Красная роса (сборник)
Шрифт:
Добровольно сдаваться оккупантам Павло не собирался, даже не думал об этом. Когда в
машине вдруг заглох мотор, он даже не открыл капот — знал, вышла из строя деталь, которую не
восстановишь. Можно было отыскать среди эмтээсовского металлолома замену. Надеясь, что
группа доберется до партизанской базы пешком, он подался в Калинов.

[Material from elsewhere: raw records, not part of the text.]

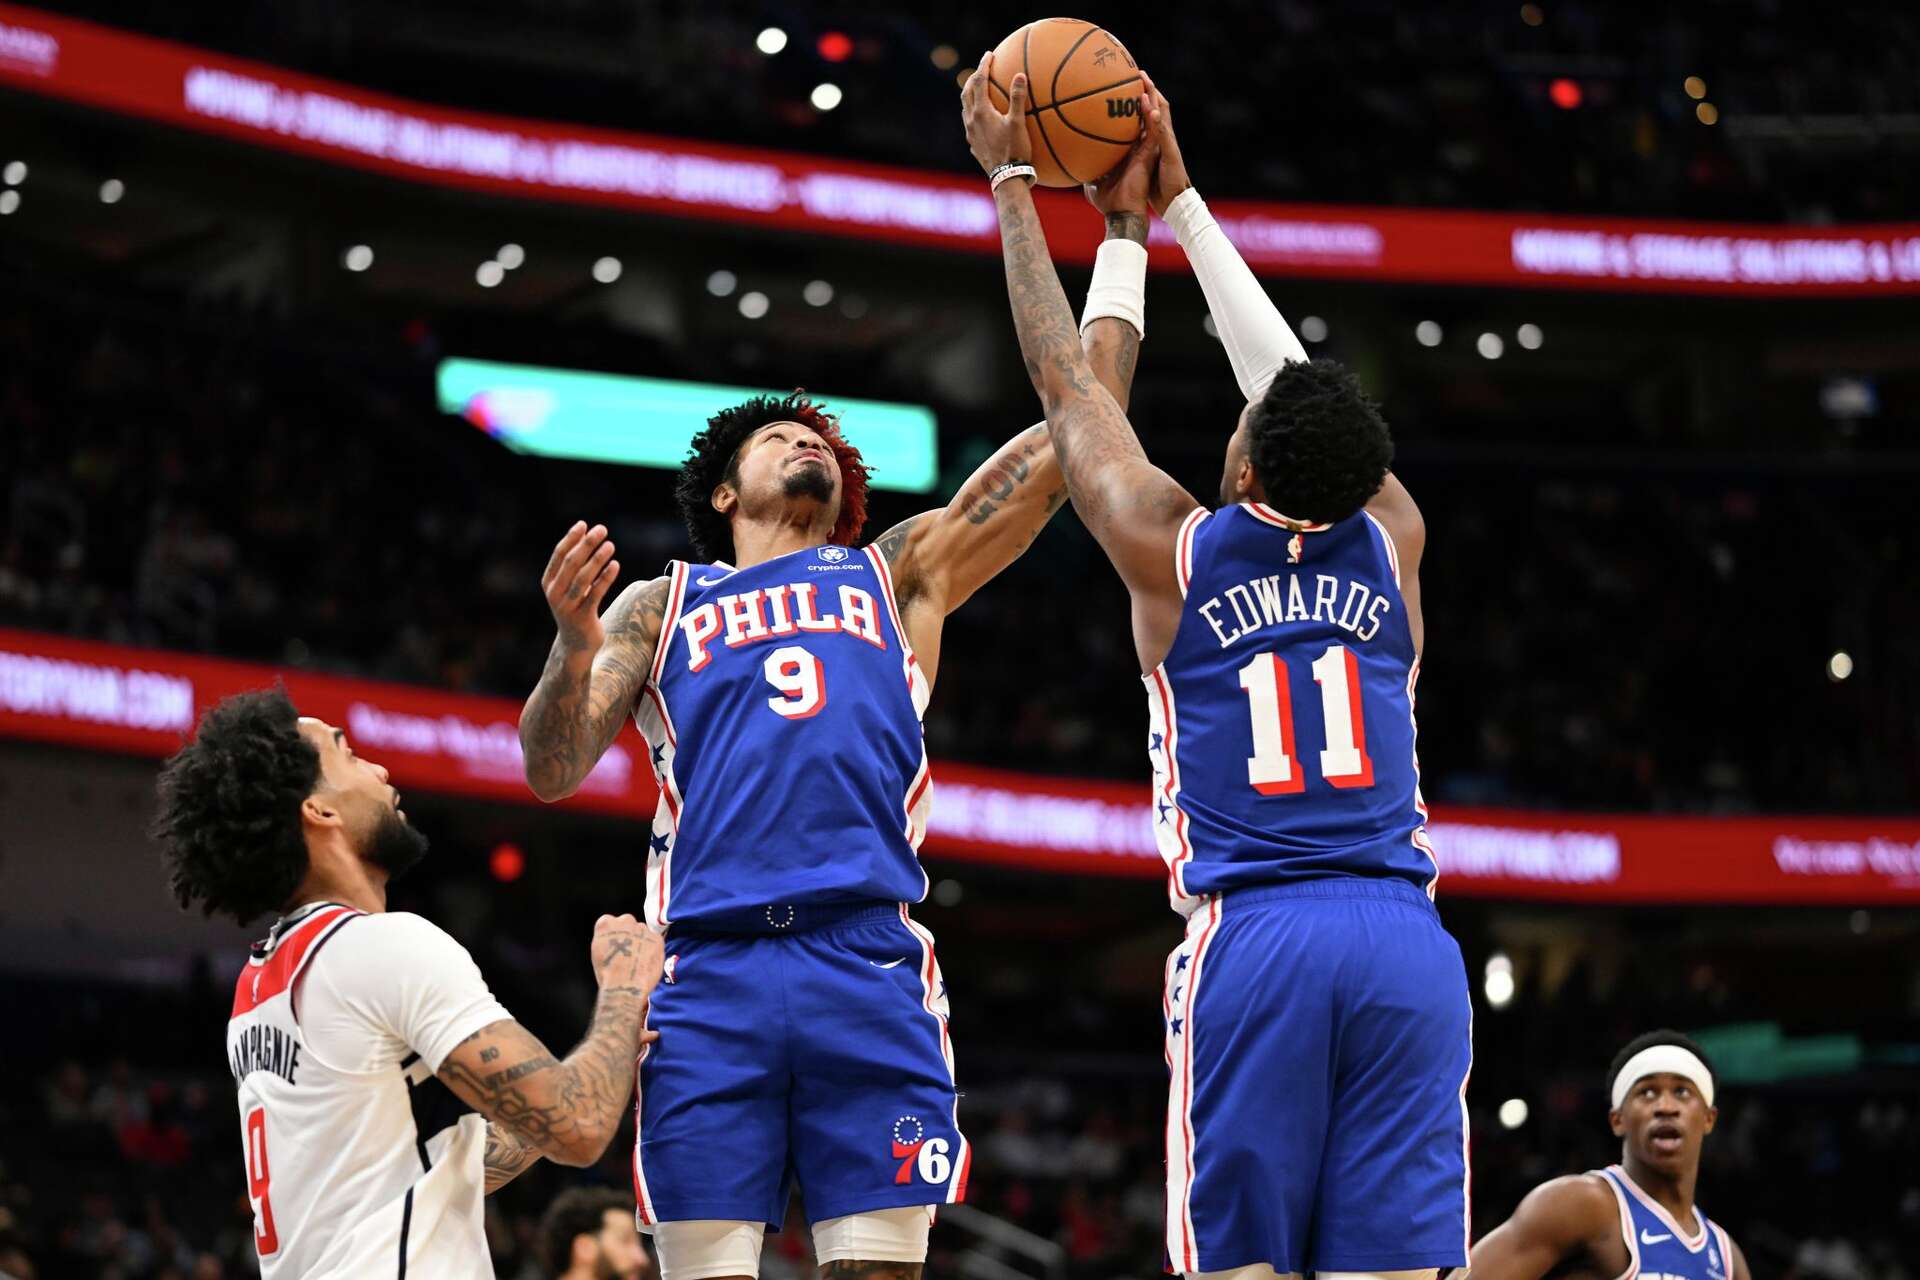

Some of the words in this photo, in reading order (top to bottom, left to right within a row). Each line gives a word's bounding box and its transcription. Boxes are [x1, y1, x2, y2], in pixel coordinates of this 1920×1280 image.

[807, 564, 864, 572] crypto.com
[679, 582, 887, 673] PHILA
[1198, 574, 1390, 649] EDWARDS
[764, 646, 827, 720] 9
[1238, 645, 1376, 796] 11
[247, 1106, 280, 1257] 9
[892, 1136, 951, 1185] 76

Его неожиданно сцапали на околице поселка. Уже рассветало, когда вышел на улицу,
спешил — и вдруг как гром среди ясного неба:
Этого он не ожидал.
Хорошо, что эти слова знал и не замешкался, поднял руки, замер на месте. Вмиг окружили,
вывернули карманы, обшарили с головы до пят. «Зольдат? Официр?» Только отрицающе вертел
головой с перепугу, искоса посматривал на направленные в грудь дула автоматов, с ужасом ждал
выстрела.
Его повели в центр поселка. Шел шатаясь и спотыкаясь по улицам, по которым еще недавно
пролетал орлом. Десять потов с него сошло горячих и холодных, пока не встал перед Кальтом,
пока не услышал вопрос Хаптура:
— Фамилия, имя?
Вот тогда он механически и произнес свою настоящую, давно забытую фамилию, возможно,
только потому, что его трясло, зубы стучали, и в таком случае «л» могло легко прозвучать как
«р».
Павло признался, что работал водителем в райисполкоме.

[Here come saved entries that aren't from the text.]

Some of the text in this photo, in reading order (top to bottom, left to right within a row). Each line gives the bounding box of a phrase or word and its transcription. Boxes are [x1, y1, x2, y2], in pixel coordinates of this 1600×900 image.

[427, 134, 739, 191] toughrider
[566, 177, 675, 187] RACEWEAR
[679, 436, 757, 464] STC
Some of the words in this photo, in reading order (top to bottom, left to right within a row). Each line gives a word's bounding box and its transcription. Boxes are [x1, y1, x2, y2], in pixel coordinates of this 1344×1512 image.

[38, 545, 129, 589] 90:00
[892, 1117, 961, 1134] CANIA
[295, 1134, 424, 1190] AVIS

— Почему не в армии? Ваш возраст мобилизационный.
С перепугу Павло брякнул такое, чего нельзя было говорить, что следовало бы держать за
зубами да еще и за тремя замками.
— Меня оставили здесь…
— Кто оставил? Зачем? С какой целью? — быстро и неумолимо нажимал Хаптур, как гончий
пес, почуявший, что напал на след дичи.
Павло не мог противостоять этому нажиму. Уже понял, что лучше было бы молчать, но
испугался другого — молчанием себя не спасет. И он начал рассказывать. Кратко, отрывисто, так
же, как его спрашивали. Кто оставил? Председатель райисполкома. С какой целью? Выйти в лес
и…
— Почему не вышел?
— Я отвез…
— Кого?
— Партизан…
— Всех?
— Качуренко здесь…
— Это кто?
— Председатель райисполкома…
— Где он? Где живет?
— Вон в том доме…
Качуренко сразу же был схвачен. А Павло Рысак оказался в кабине урчащей машины и
повез подразделение ефрейтора Кальта на партизанскую базу. Вез и надеялся на то, что
партизаны не успеют дойти до места и таким образом избегут гибели.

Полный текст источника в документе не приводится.